> _What needs to be done_:
Nothing in the copy should be a picture; everything else in the listing is to be restated exactly.

> _Task data_:
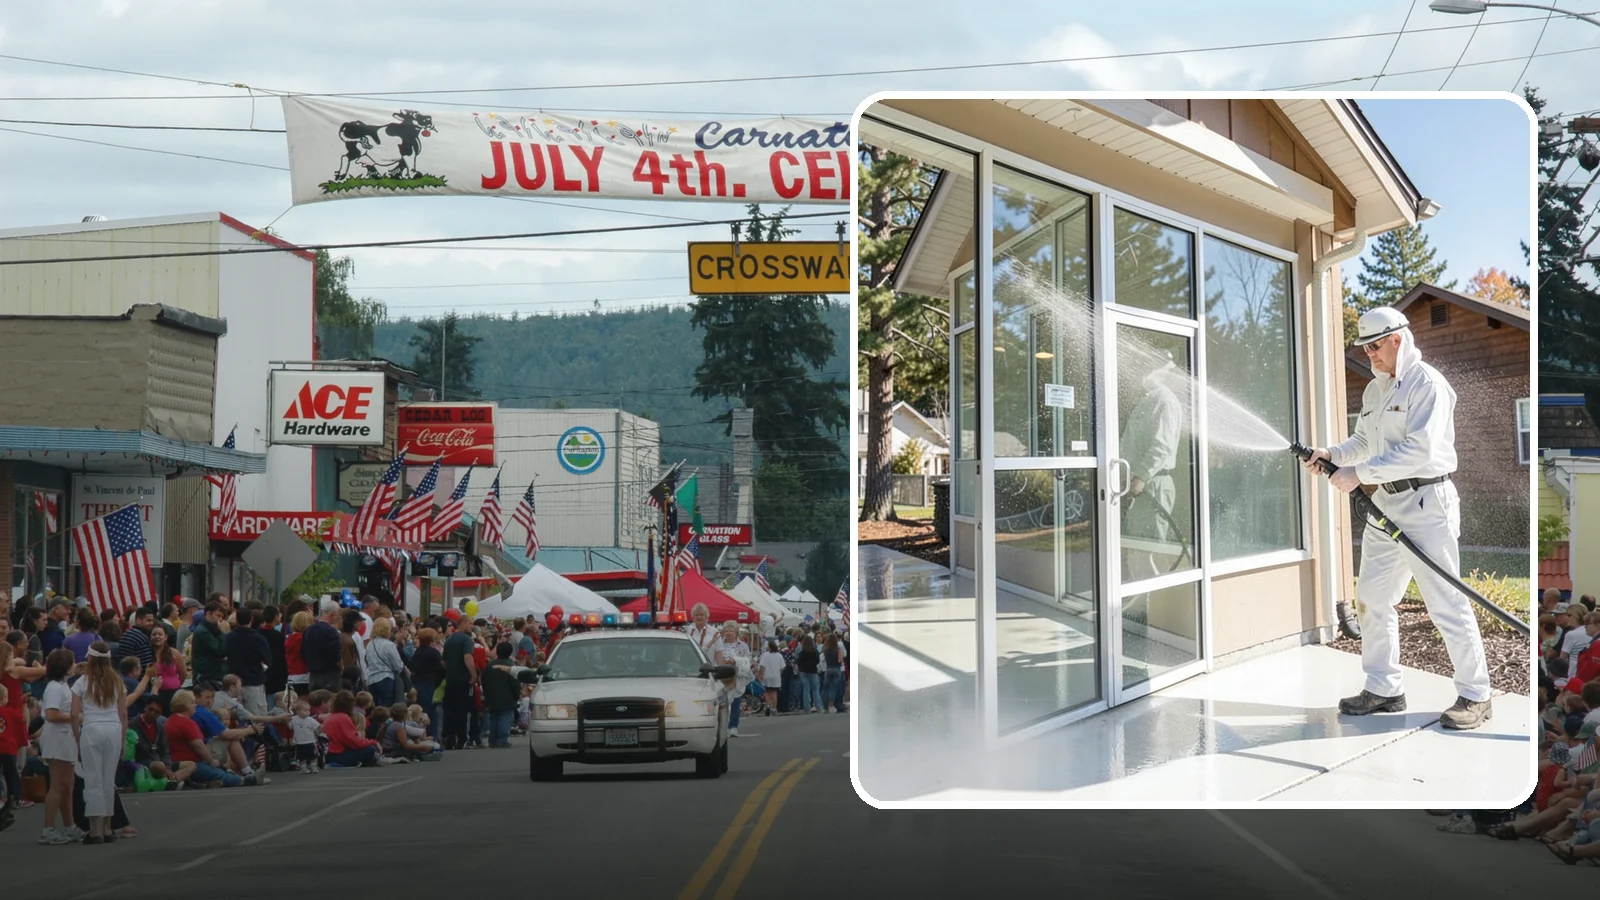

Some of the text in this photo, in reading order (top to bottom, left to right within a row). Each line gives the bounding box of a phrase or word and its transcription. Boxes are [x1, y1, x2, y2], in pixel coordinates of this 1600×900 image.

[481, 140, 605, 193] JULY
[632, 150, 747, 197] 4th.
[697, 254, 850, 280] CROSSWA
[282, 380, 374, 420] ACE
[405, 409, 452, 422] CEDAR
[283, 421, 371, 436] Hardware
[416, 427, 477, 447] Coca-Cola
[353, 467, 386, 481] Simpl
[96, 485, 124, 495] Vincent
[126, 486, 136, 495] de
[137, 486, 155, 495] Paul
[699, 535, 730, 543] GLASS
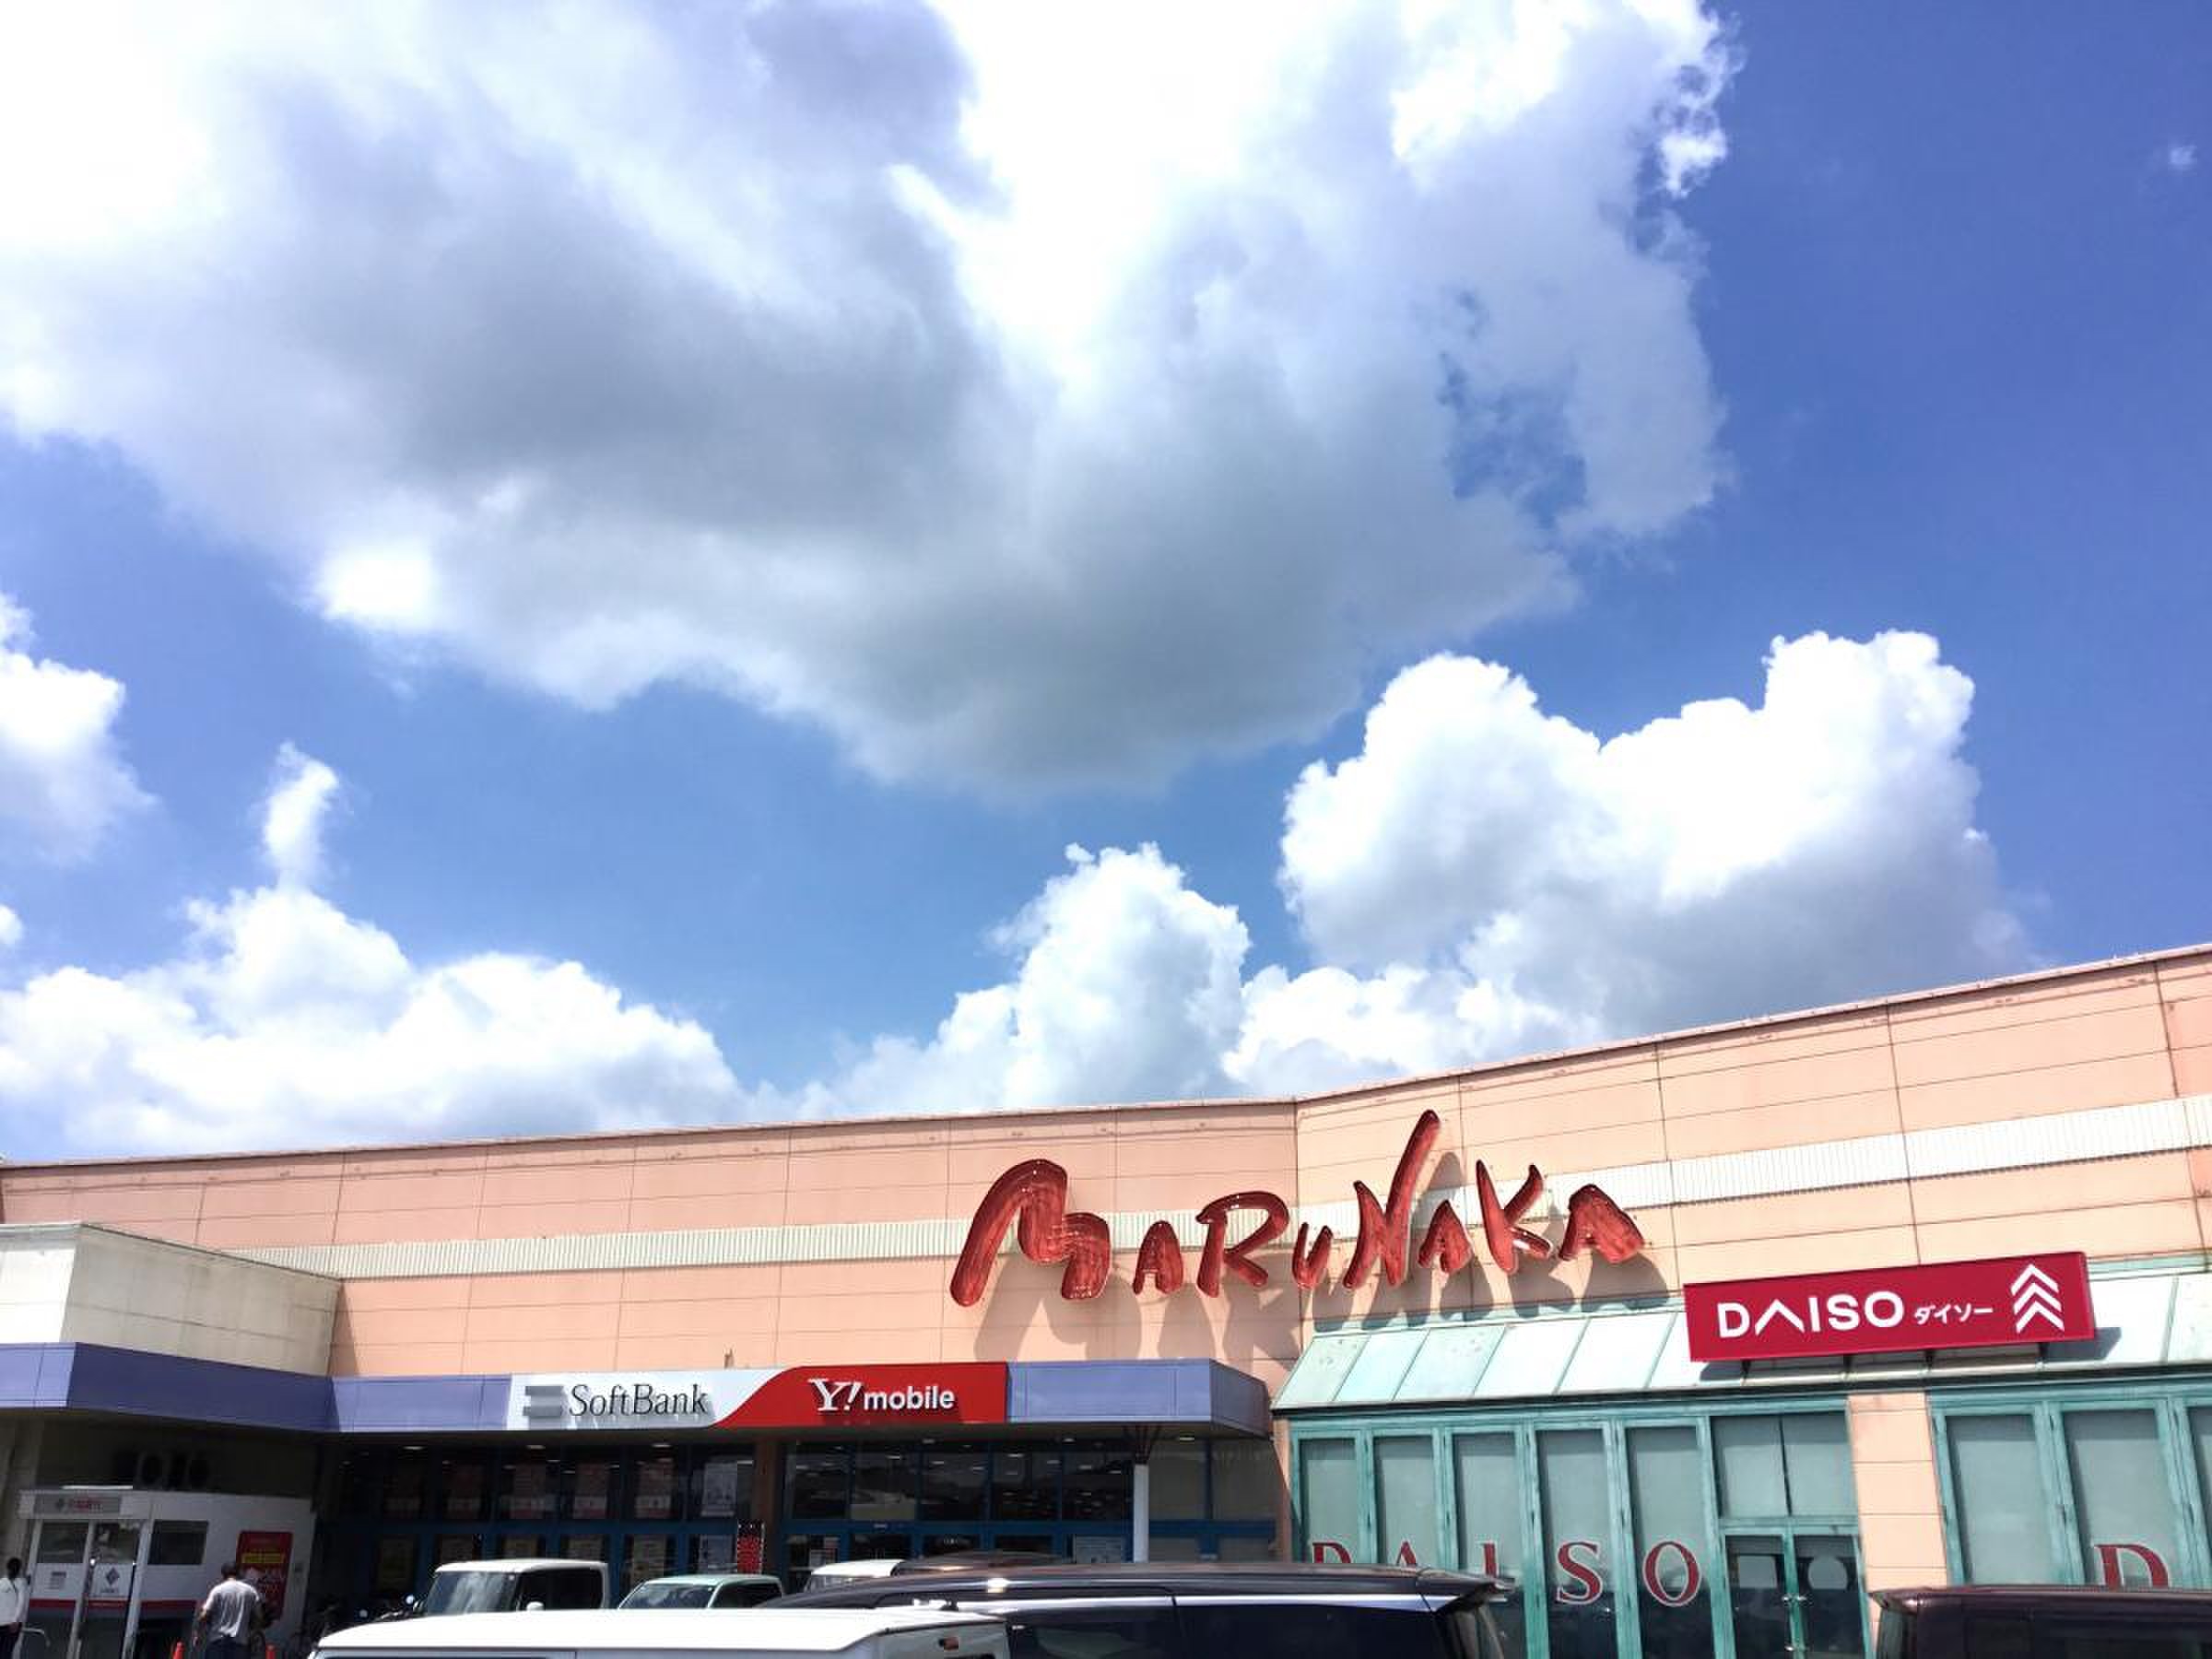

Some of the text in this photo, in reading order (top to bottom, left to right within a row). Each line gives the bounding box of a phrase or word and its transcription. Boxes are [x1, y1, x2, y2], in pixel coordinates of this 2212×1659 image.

> _Result for this exercise_:
Some of the text in this photo, in reading order (top to bottom, left to right within a row). Each line gives the bounding box of a phrase or word and its transcription. Boxes are [x1, y1, x2, y2], in pixel coordinates of this 1600×900 image.

[481, 140, 605, 193] JULY
[632, 150, 747, 197] 4th.
[697, 254, 850, 280] CROSSWA
[282, 380, 374, 420] ACE
[405, 409, 452, 422] CEDAR
[283, 421, 371, 436] Hardware
[416, 427, 477, 447] Coca-Cola
[353, 467, 386, 481] Simpl
[96, 485, 124, 495] Vincent
[126, 486, 136, 495] de
[137, 486, 155, 495] Paul
[699, 535, 730, 543] GLASS

Some of the text in this photo, in reading order (top to bottom, left to right within a row). Each line gives the bounding box of a phrase or word and its transcription. Boxes are [x1, y1, x2, y2], in pixel coordinates of this 2212×1659 image.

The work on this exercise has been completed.